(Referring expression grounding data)
###

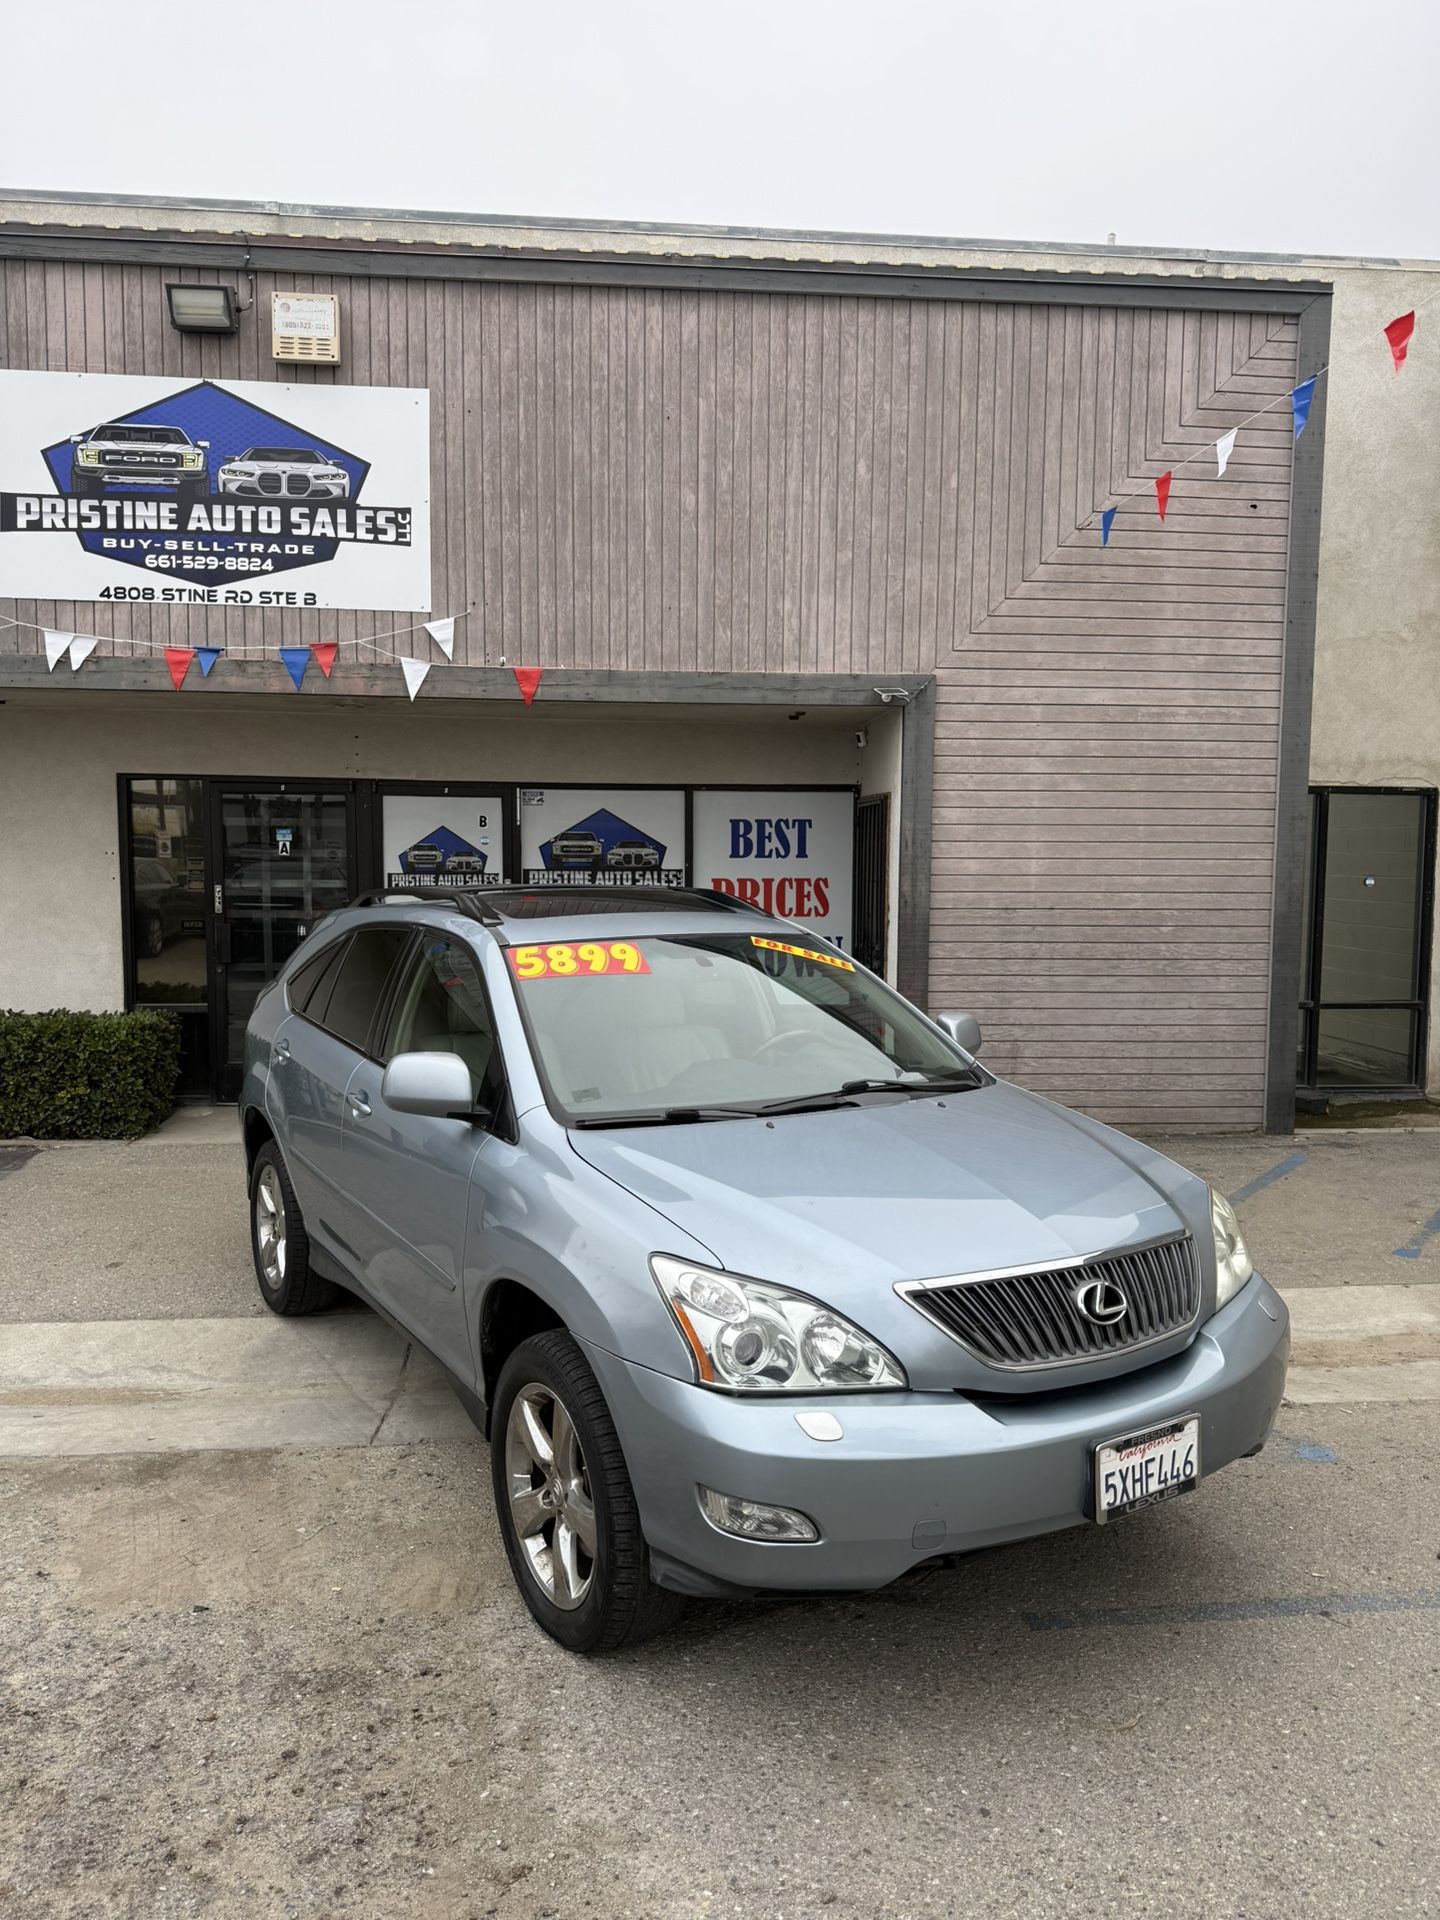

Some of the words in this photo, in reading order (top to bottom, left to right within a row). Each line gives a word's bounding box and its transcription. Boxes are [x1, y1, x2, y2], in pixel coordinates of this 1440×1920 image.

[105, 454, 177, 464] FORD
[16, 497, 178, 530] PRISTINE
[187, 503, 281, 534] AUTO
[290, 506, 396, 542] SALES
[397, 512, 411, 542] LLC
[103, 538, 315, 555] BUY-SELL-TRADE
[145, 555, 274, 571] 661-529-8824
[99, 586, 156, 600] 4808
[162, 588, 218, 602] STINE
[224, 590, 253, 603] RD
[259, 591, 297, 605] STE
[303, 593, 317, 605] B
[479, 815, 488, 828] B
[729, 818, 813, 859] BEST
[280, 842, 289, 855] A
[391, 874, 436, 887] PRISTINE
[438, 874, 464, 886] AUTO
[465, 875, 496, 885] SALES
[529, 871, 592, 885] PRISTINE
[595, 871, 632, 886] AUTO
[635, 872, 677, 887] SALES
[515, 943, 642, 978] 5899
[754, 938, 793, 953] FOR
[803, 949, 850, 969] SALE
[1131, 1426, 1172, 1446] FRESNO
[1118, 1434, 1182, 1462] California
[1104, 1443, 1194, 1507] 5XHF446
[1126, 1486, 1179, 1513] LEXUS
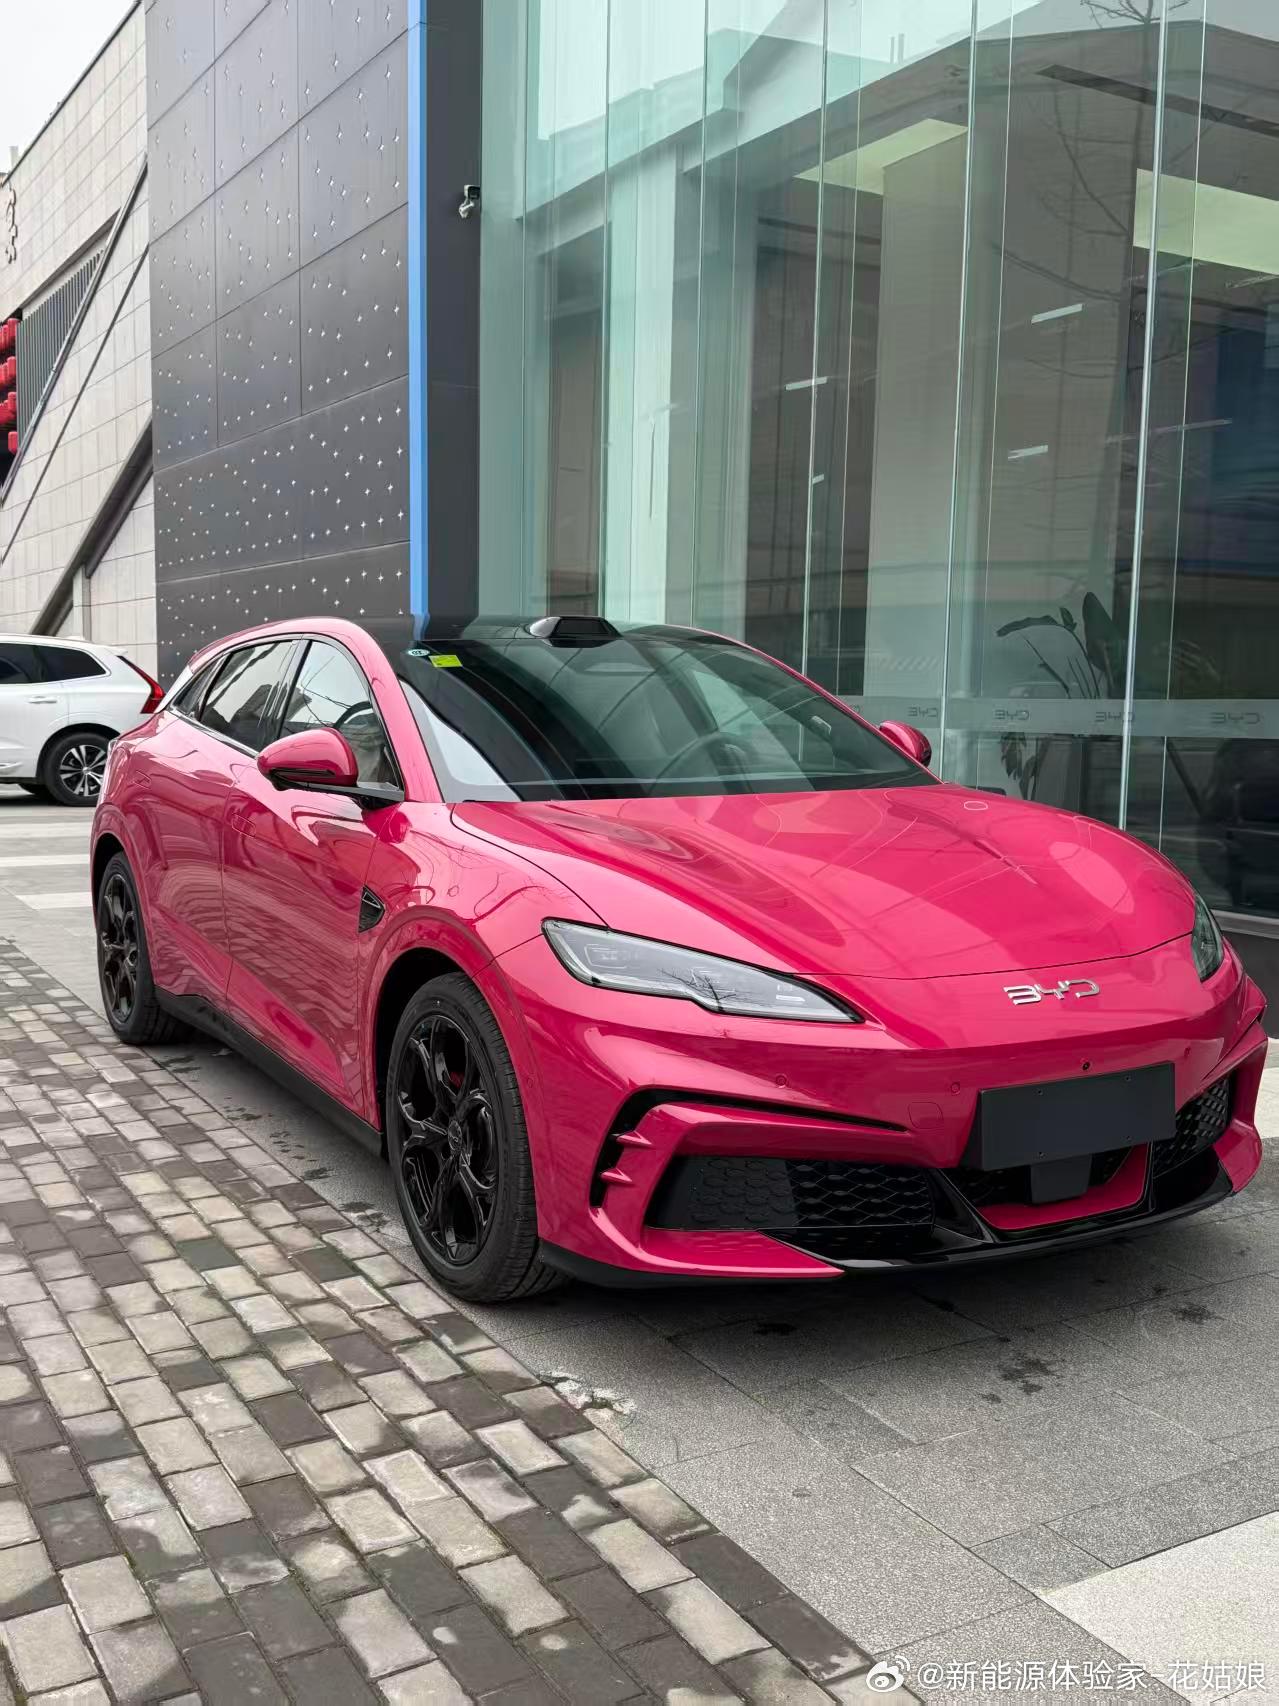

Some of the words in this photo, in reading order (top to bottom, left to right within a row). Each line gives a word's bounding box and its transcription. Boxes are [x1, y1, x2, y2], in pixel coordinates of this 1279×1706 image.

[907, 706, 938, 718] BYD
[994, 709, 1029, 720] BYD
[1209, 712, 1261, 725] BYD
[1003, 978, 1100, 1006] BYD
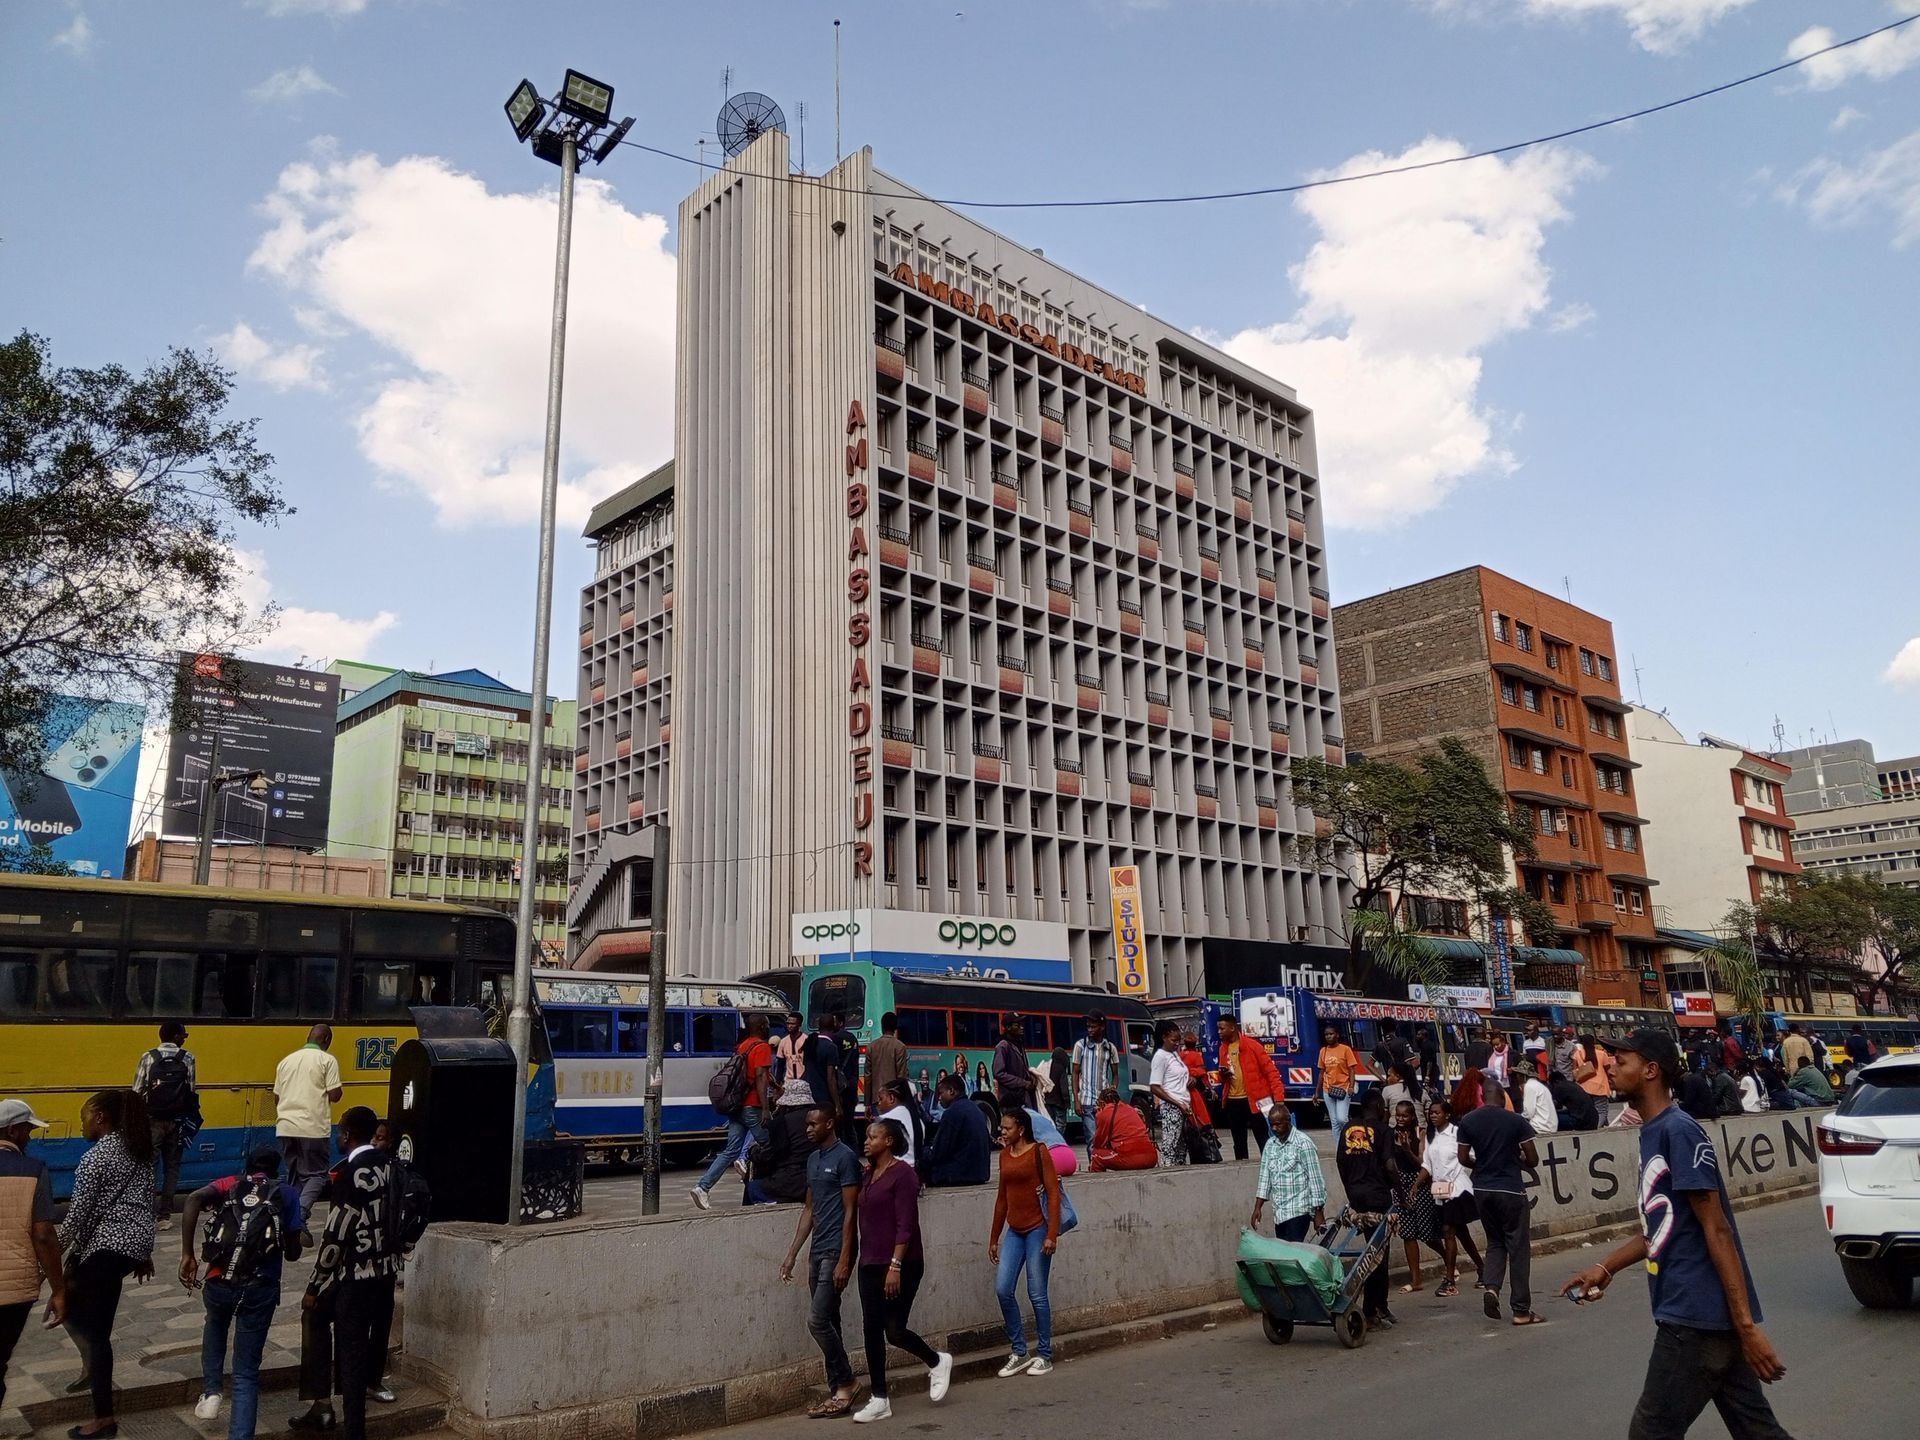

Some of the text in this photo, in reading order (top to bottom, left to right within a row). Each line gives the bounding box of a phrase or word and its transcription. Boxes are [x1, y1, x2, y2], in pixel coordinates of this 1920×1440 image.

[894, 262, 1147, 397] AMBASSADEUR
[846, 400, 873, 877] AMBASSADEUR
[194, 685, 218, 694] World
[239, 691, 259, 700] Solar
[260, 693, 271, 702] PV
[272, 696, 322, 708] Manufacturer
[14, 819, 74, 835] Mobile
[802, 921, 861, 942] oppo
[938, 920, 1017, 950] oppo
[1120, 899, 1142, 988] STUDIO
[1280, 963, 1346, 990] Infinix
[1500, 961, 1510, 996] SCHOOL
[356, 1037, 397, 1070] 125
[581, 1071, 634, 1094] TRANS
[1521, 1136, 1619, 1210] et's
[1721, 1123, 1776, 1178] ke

###

- Task item
The entries above should be retyped exactly, minus any pictures.

- Your response
Some of the words in this photo, in reading order (top to bottom, left to right within a row). Each line gives a word's bounding box and its transcription. Boxes are [x1, y1, x2, y2], in pixel coordinates of this 1440×1920 image.

[105, 454, 177, 464] FORD
[16, 497, 178, 530] PRISTINE
[187, 503, 281, 534] AUTO
[290, 506, 396, 542] SALES
[397, 512, 411, 542] LLC
[103, 538, 315, 555] BUY-SELL-TRADE
[145, 555, 274, 571] 661-529-8824
[99, 586, 156, 600] 4808
[162, 588, 218, 602] STINE
[224, 590, 253, 603] RD
[259, 591, 297, 605] STE
[303, 593, 317, 605] B
[479, 815, 488, 828] B
[729, 818, 813, 859] BEST
[280, 842, 289, 855] A
[391, 874, 436, 887] PRISTINE
[438, 874, 464, 886] AUTO
[465, 875, 496, 885] SALES
[529, 871, 592, 885] PRISTINE
[595, 871, 632, 886] AUTO
[635, 872, 677, 887] SALES
[515, 943, 642, 978] 5899
[754, 938, 793, 953] FOR
[803, 949, 850, 969] SALE
[1131, 1426, 1172, 1446] FRESNO
[1118, 1434, 1182, 1462] California
[1104, 1443, 1194, 1507] 5XHF446
[1126, 1486, 1179, 1513] LEXUS

Some of the words in this photo, in reading order (top to bottom, left to right within a row). Each line gives a word's bounding box and its transcription. Boxes are [x1, y1, x2, y2], in pixel coordinates of this 1279×1706 image.

[907, 706, 938, 718] BYD
[994, 709, 1029, 720] BYD
[1209, 712, 1261, 725] BYD
[1003, 978, 1100, 1006] BYD

Some of the text in this photo, in reading order (top to bottom, left to right within a row). Each line gives the bounding box of a phrase or word and its transcription. Boxes are [x1, y1, x2, y2], in pixel coordinates of this 1920×1440 image.

[894, 262, 1147, 397] AMBASSADEUR
[846, 400, 873, 877] AMBASSADEUR
[194, 685, 218, 694] World
[239, 691, 259, 700] Solar
[260, 693, 271, 702] PV
[272, 696, 322, 708] Manufacturer
[14, 819, 74, 835] Mobile
[802, 921, 861, 942] oppo
[938, 920, 1017, 950] oppo
[1120, 899, 1142, 988] STUDIO
[1280, 963, 1346, 990] Infinix
[1500, 961, 1510, 996] SCHOOL
[356, 1037, 397, 1070] 125
[581, 1071, 634, 1094] TRANS
[1521, 1136, 1619, 1210] et's
[1721, 1123, 1776, 1178] ke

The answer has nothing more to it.